Проснулся я в саду, на скамейке, прямо под пятнистым деревом с нестерпимо красными цветами, и песок, который частично был и на мне, ровно покрывал весь сад, и еще стояли такие же деревья, почти такой же красоты. Лишь я никуда не годился, был не хорош. Сполз к морю по высохшему, осыпающемуся обрыву с голубым отливом. На пляже было пустынно, плоско лежали топчаны. Только под навесом уже сидели двое, обмазанные синей размоченной глиной с обрыва. Море было тихое и кончалось на берегу совсем тонким-тонким слоем. Тут я закричал что-то вроде «Эх!» или «Ах!» и, расшвыривая одежду, добежал, плюхнулся в воду и поплыл, переворачиваясь, шлепая по воде лицом и немного глотая ее, такую прозрачную и холодную. Я плавал сколько мог, и пляж заполняли люди, а потом я лежал в прибое, и меня било и поднимало, и тянуло назад, а потом опять поднимало выше, чем я сам мог бы подняться. И вот – море выкатило меня на камни, я вскочил, вытерся рубашкой до покраснения и разогрева, потом полежал, сладко вытянувшись, на топчане, чувствуя, как сняло с меня это купание всю усталость, всю тяжесть, весь лишний опыт.

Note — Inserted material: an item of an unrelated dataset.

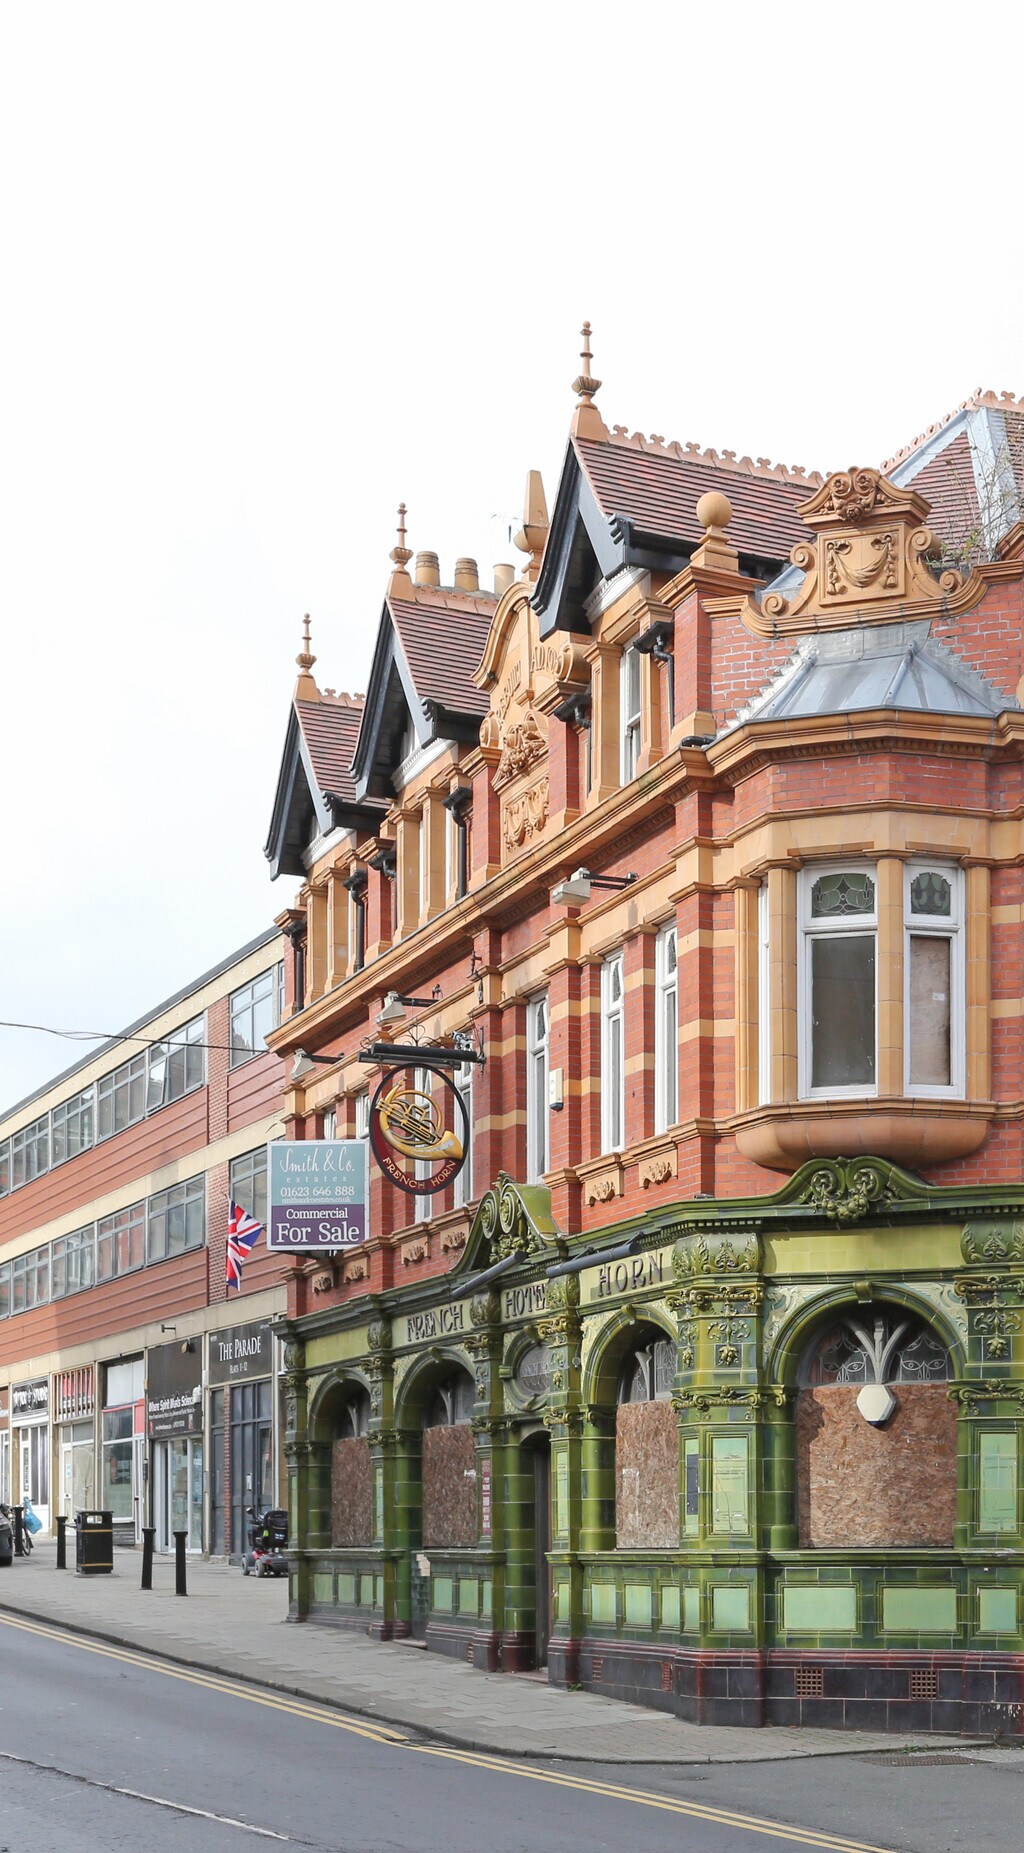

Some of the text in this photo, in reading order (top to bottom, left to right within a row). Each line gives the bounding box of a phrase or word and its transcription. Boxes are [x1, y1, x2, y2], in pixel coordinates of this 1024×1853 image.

Теперь можно было догонять мой фрегат, барк, корвет, который ушел, ясное дело, по расписанию, то есть вчера. Хорошо, что я хоть помнил – куда. С роскошного сочинского вокзала я поехал на электричке, и она сразу же ушла в тоннель, и стало темно, и в вагонах зажегся свет. Потом она выскочила на узкую террасу, слева – стена вверх, морщинистые камни, а справа обрыв к бесконечной лазури море – небо!.. и снова – тесный темный тоннель, лампочки отражаются в темных окнах. После тоннеля горы слева стали отходить, удаляться, и правильно – так лучше видно их! Любовался… потом – хвать! – посмотрел направо, а моря нет, убежало… только белые южные дома. Потом и горы слева ушли за горизонт, электричка катила по ровному месту: рельсы, рельсы, посыпанный пылью асфальт. Адлер. От Адлера снова стали набираться горы, сначала вдали, на горизонте, понемножку. В вагоне стоял громкий разговор, почти крик, хоть и по-русски, но с необычным нажимом, напором к концу фразы. Грузины. Их становилось все больше. Черные блестящие глаза, широкие плоские кепки. Электричка переехала через мутную речку Псоу, границу России и Грузии, и гул в вагоне тут же сменился, все перешли с русского на грузинский. Я не раз переезжал эту реку в ту и другую сторону и каждый раз замечал этот эффект: туда – с русского на грузинский, обратно – с грузинского на русский на половине фразы, на половине слова, на половине звука. В электричке появились двое загорелых небритых нищих. Они трясли порванной соломенной шляпой, при этом на них временами нападал сильный смех, и они хохотали, прислонившись друг к другу спинами, а потом двигались дальше, насупившись, сдерживаясь, и вдруг снова прыскали и, приоткрыв рты с пленками слюны, снова весело хохотали, что довольно-таки странно для нищих. Никто, однако, не удивлялся, и многие давали им деньги. Становилось между тем жарко, солнце через стекла нагрело электричку. «Надо выйти», – подумал я.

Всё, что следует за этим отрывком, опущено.